> **Provided data**:
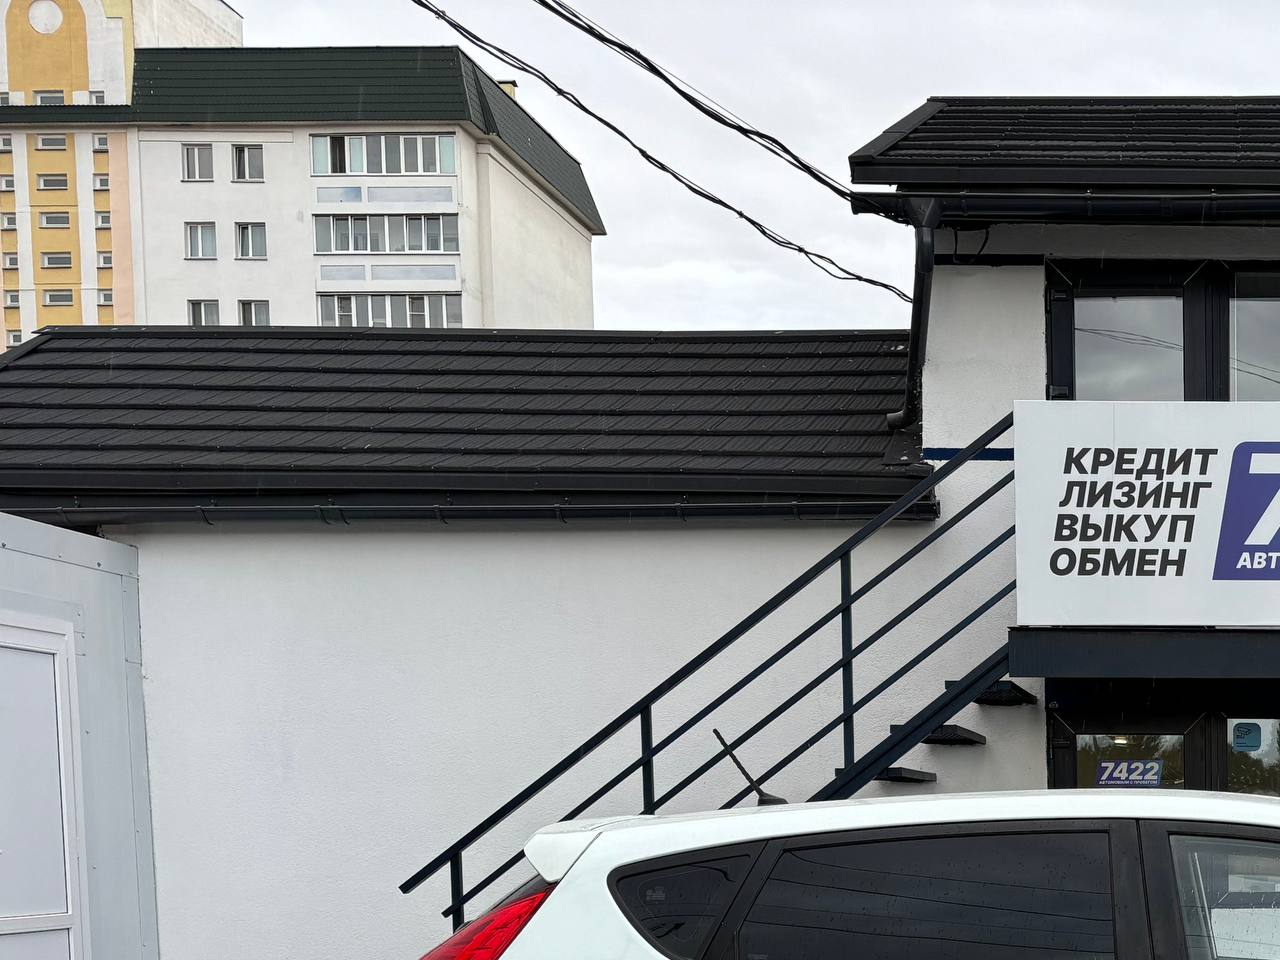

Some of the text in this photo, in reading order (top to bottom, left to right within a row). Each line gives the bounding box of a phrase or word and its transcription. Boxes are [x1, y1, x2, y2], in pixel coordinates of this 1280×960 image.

[1063, 447, 1219, 481] КРЕДИТ
[1058, 480, 1213, 509] ЛИЗИНГ
[1053, 513, 1196, 543] ВЫКУП
[1049, 547, 1188, 577] ОБМЕН
[1100, 762, 1159, 780] 7422
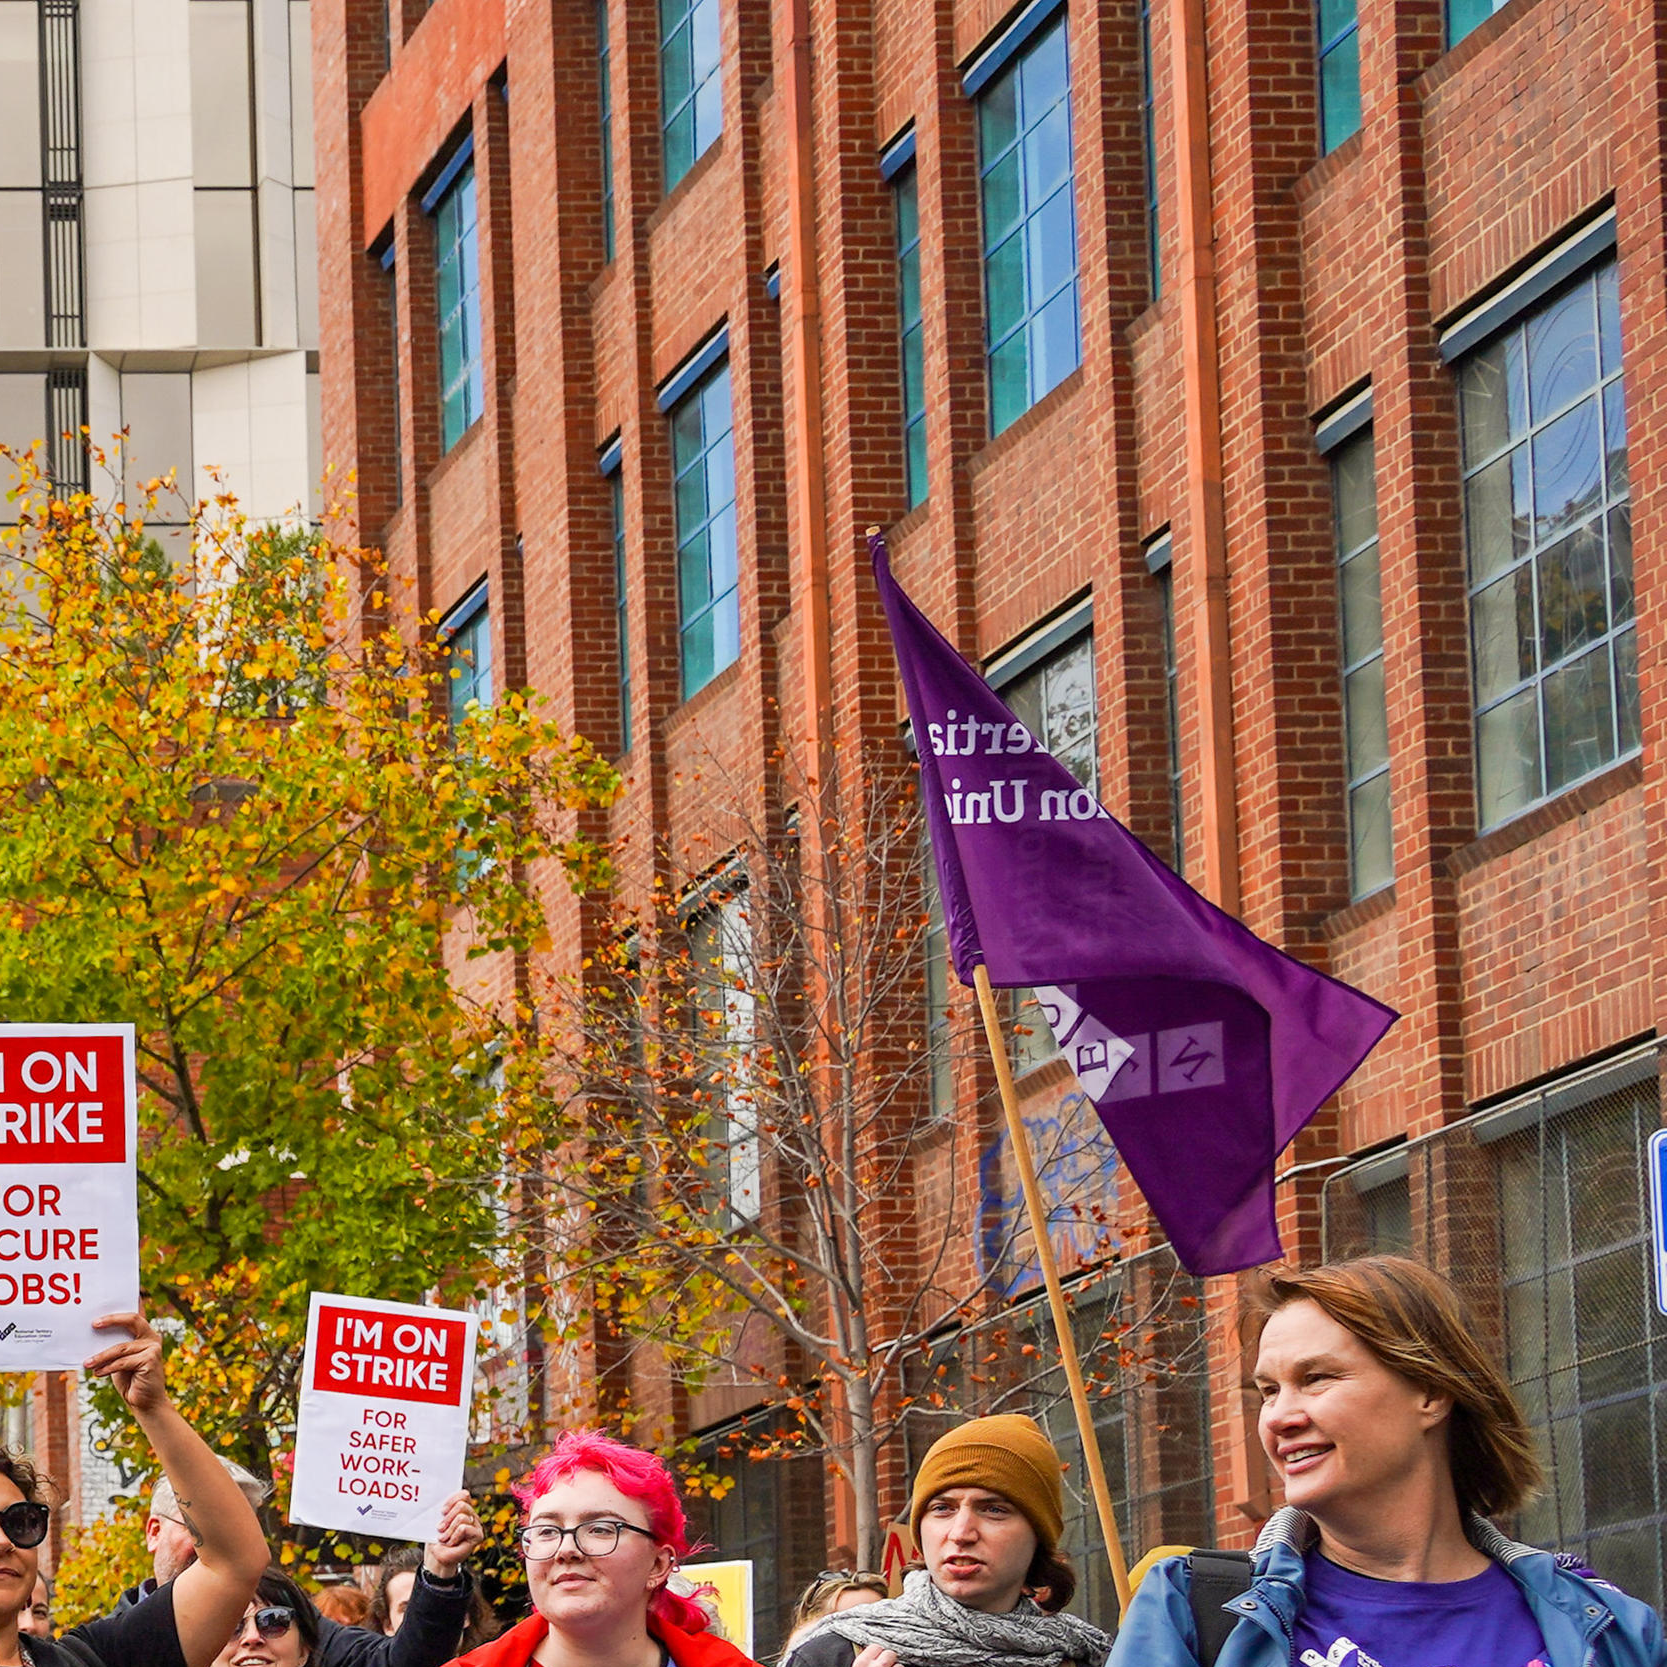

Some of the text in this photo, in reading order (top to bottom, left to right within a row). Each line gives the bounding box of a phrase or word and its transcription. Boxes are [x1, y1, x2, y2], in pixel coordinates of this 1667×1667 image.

[22, 1051, 98, 1093] ON
[335, 1317, 447, 1357] I'M ON
[329, 1351, 449, 1392] STRIKE
[362, 1408, 407, 1430] FOR
[349, 1430, 418, 1456] SAFER
[340, 1453, 421, 1477] WORK-
[338, 1475, 419, 1503] LOADS!
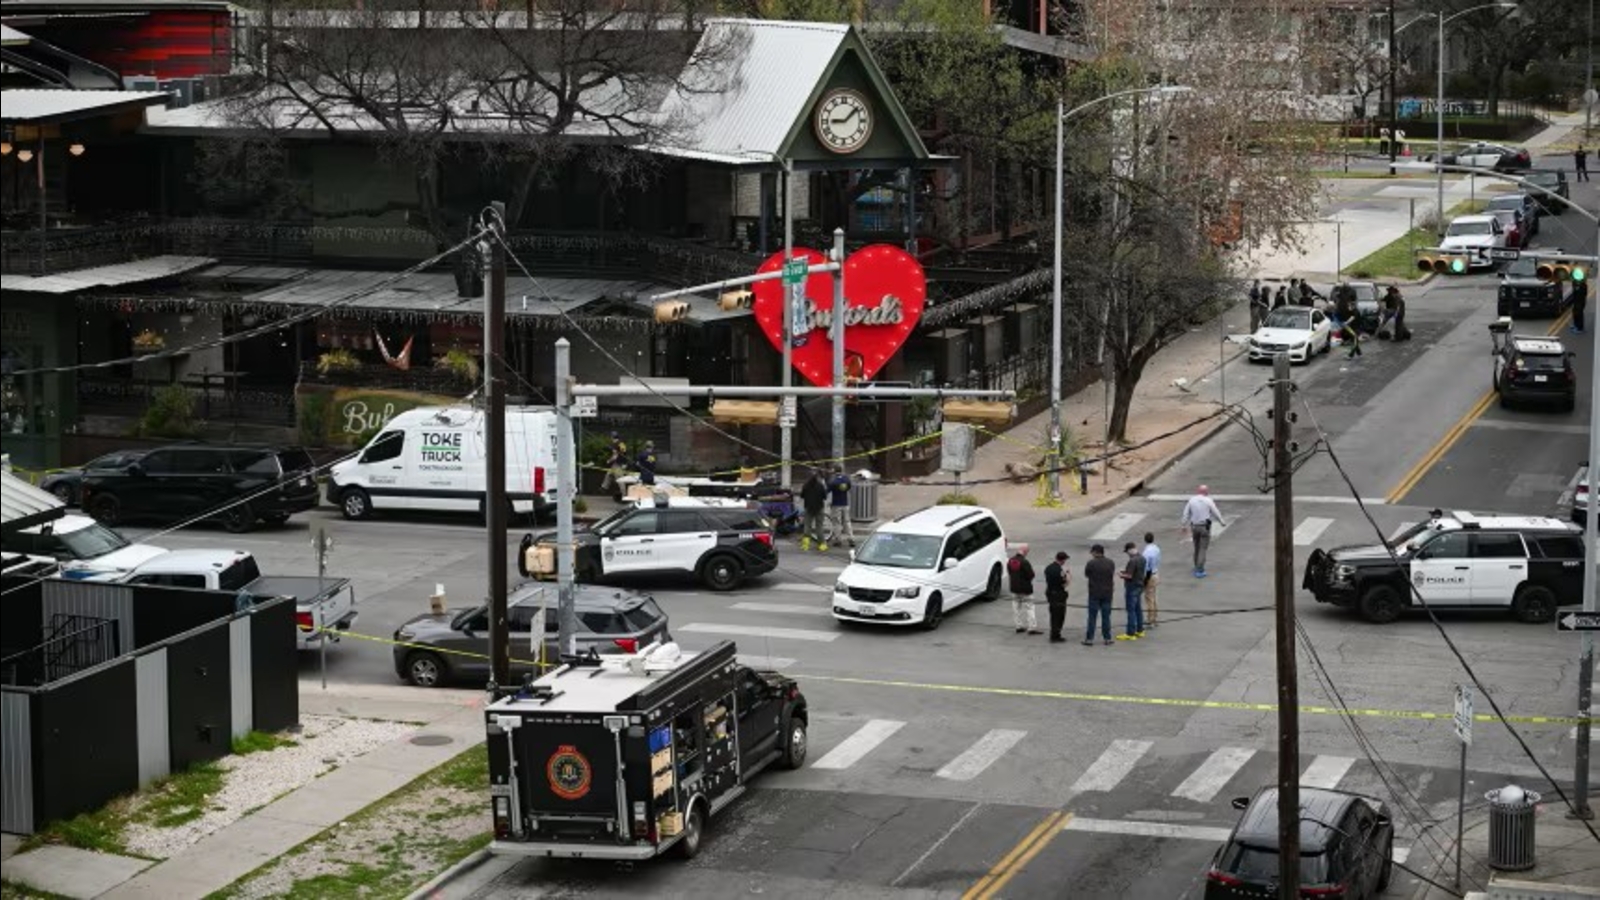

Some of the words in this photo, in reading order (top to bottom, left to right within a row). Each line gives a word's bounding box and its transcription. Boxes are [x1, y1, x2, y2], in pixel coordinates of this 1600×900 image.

[422, 432, 463, 447] TOKE
[421, 451, 462, 462] TRUCK
[1426, 576, 1466, 585] POLICE

> **Assignment**: Once the line containing "Some of the words" is found, please retype it and every remaining line of the listing above, exactly, with nothing else.

> **Expected answer**:
Some of the words in this photo, in reading order (top to bottom, left to right within a row). Each line gives a word's bounding box and its transcription. Boxes are [x1, y1, x2, y2], in pixel coordinates of this 1600×900 image.

[422, 432, 463, 447] TOKE
[421, 451, 462, 462] TRUCK
[1426, 576, 1466, 585] POLICE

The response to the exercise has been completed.